## TASK GOAL:
Write out all the entries word for word, but skip any images.
::::::::::
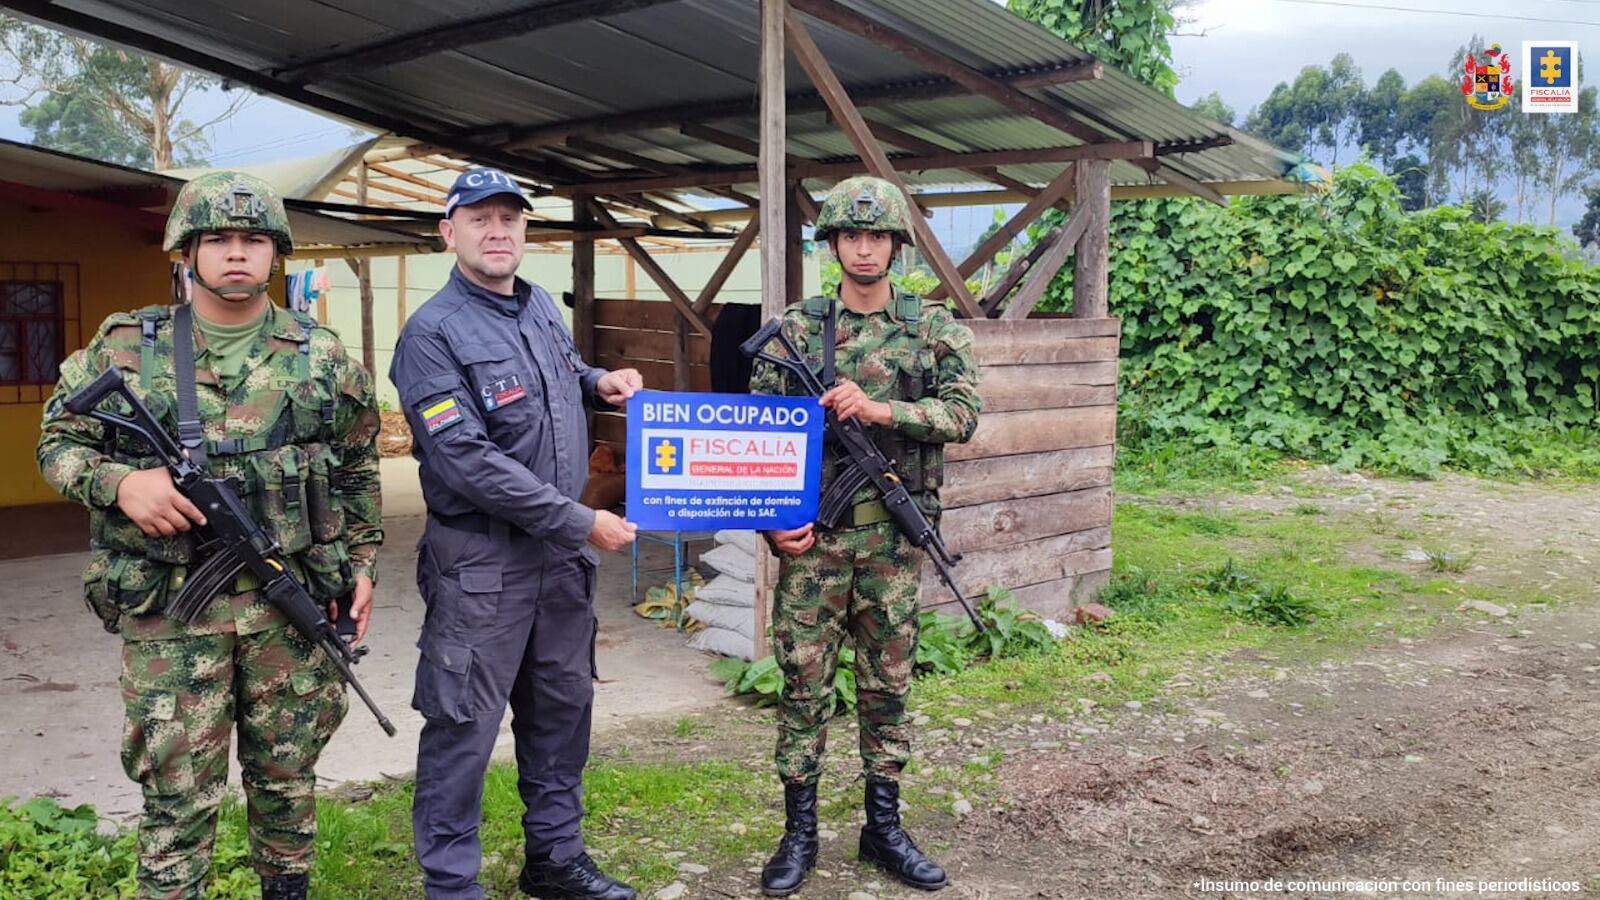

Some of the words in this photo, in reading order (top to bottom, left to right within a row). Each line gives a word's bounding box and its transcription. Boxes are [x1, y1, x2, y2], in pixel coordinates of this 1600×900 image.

[466, 170, 514, 188] CTI
[643, 403, 690, 422] BIEN
[696, 404, 808, 426] OCUPADO
[690, 436, 797, 456] FISCALÍA
[692, 465, 734, 474] GENERAL
[736, 465, 748, 474] DE
[750, 465, 762, 474] LA
[763, 464, 795, 475] NACIÓN
[643, 496, 662, 505] con
[664, 495, 687, 505] fines
[689, 495, 702, 505] de
[705, 495, 748, 506] extinción
[750, 496, 762, 506] de
[764, 496, 801, 506] dominio
[668, 509, 675, 517] a
[678, 507, 731, 519] disposición
[733, 508, 745, 517] de
[747, 508, 757, 517] la
[758, 508, 777, 517] SAE.
::::::::::
## YOUR RESPONSE:
Some of the words in this photo, in reading order (top to bottom, left to right within a row). Each line gives a word's bounding box and its transcription. Boxes are [x1, y1, x2, y2], in pixel coordinates of this 1600×900 image.

[466, 170, 514, 188] CTI
[643, 403, 690, 422] BIEN
[696, 404, 808, 426] OCUPADO
[690, 436, 797, 456] FISCALÍA
[692, 465, 734, 474] GENERAL
[736, 465, 748, 474] DE
[750, 465, 762, 474] LA
[763, 464, 795, 475] NACIÓN
[643, 496, 662, 505] con
[664, 495, 687, 505] fines
[689, 495, 702, 505] de
[705, 495, 748, 506] extinción
[750, 496, 762, 506] de
[764, 496, 801, 506] dominio
[668, 509, 675, 517] a
[678, 507, 731, 519] disposición
[733, 508, 745, 517] de
[747, 508, 757, 517] la
[758, 508, 777, 517] SAE.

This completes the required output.